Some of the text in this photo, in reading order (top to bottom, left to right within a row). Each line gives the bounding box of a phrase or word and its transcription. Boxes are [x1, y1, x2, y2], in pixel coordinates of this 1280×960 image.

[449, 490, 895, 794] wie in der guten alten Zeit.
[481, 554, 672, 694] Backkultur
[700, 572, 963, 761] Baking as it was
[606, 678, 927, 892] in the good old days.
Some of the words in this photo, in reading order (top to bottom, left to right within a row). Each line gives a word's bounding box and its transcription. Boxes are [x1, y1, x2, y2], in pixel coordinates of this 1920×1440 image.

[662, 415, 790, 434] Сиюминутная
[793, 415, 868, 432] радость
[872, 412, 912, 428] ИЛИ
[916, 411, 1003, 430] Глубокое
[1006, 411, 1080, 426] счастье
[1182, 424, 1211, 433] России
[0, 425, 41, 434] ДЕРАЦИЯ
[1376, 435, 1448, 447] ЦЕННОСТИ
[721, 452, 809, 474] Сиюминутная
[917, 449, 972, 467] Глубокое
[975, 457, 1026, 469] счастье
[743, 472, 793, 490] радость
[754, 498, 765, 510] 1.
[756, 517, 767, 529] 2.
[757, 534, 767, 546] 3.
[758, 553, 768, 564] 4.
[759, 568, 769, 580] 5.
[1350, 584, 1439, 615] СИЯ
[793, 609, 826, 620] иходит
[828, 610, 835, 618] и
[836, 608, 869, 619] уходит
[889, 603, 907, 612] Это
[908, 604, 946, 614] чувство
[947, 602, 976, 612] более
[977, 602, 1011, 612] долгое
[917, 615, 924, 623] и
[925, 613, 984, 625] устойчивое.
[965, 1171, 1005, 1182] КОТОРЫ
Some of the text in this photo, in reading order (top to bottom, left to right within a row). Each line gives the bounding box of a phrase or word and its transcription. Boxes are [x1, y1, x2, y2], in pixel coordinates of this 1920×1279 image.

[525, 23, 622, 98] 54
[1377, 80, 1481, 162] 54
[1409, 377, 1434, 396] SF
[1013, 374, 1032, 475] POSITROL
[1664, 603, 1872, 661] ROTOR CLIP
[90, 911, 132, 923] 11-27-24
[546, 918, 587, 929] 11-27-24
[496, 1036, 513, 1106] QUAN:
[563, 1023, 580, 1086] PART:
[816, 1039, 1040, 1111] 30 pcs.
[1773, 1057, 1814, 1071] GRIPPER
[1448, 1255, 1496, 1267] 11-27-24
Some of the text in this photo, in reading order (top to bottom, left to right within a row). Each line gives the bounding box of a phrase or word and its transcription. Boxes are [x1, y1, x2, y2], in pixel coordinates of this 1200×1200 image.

------------------------------------

All of the material above should be transcribed exactly, with no line omitted.

Some of the text in this photo, in reading order (top to bottom, left to right within a row). Each line gives the bounding box of a phrase or word and its transcription. Boxes are [x1, y1, x2, y2], in pixel coordinates of this 1280×960 image.

[449, 490, 895, 794] wie in der guten alten Zeit.
[481, 554, 672, 694] Backkultur
[700, 572, 963, 761] Baking as it was
[606, 678, 927, 892] in the good old days.
Some of the words in this photo, in reading order (top to bottom, left to right within a row). Each line gives a word's bounding box and its transcription. Boxes are [x1, y1, x2, y2], in pixel coordinates of this 1920×1440 image.

[662, 415, 790, 434] Сиюминутная
[793, 415, 868, 432] радость
[872, 412, 912, 428] ИЛИ
[916, 411, 1003, 430] Глубокое
[1006, 411, 1080, 426] счастье
[1182, 424, 1211, 433] России
[0, 425, 41, 434] ДЕРАЦИЯ
[1376, 435, 1448, 447] ЦЕННОСТИ
[721, 452, 809, 474] Сиюминутная
[917, 449, 972, 467] Глубокое
[975, 457, 1026, 469] счастье
[743, 472, 793, 490] радость
[754, 498, 765, 510] 1.
[756, 517, 767, 529] 2.
[757, 534, 767, 546] 3.
[758, 553, 768, 564] 4.
[759, 568, 769, 580] 5.
[1350, 584, 1439, 615] СИЯ
[793, 609, 826, 620] иходит
[828, 610, 835, 618] и
[836, 608, 869, 619] уходит
[889, 603, 907, 612] Это
[908, 604, 946, 614] чувство
[947, 602, 976, 612] более
[977, 602, 1011, 612] долгое
[917, 615, 924, 623] и
[925, 613, 984, 625] устойчивое.
[965, 1171, 1005, 1182] КОТОРЫ
Some of the text in this photo, in reading order (top to bottom, left to right within a row). Each line gives the bounding box of a phrase or word and its transcription. Boxes are [x1, y1, x2, y2], in pixel coordinates of this 1920×1279 image.

[525, 23, 622, 98] 54
[1377, 80, 1481, 162] 54
[1409, 377, 1434, 396] SF
[1013, 374, 1032, 475] POSITROL
[1664, 603, 1872, 661] ROTOR CLIP
[90, 911, 132, 923] 11-27-24
[546, 918, 587, 929] 11-27-24
[496, 1036, 513, 1106] QUAN:
[563, 1023, 580, 1086] PART:
[816, 1039, 1040, 1111] 30 pcs.
[1773, 1057, 1814, 1071] GRIPPER
[1448, 1255, 1496, 1267] 11-27-24
Some of the text in this photo, in reading order (top to bottom, left to right within a row). Each line gives the bounding box of a phrase or word and its transcription. Boxes are [x1, y1, x2, y2], in pixel coordinates of this 1200×1200 image.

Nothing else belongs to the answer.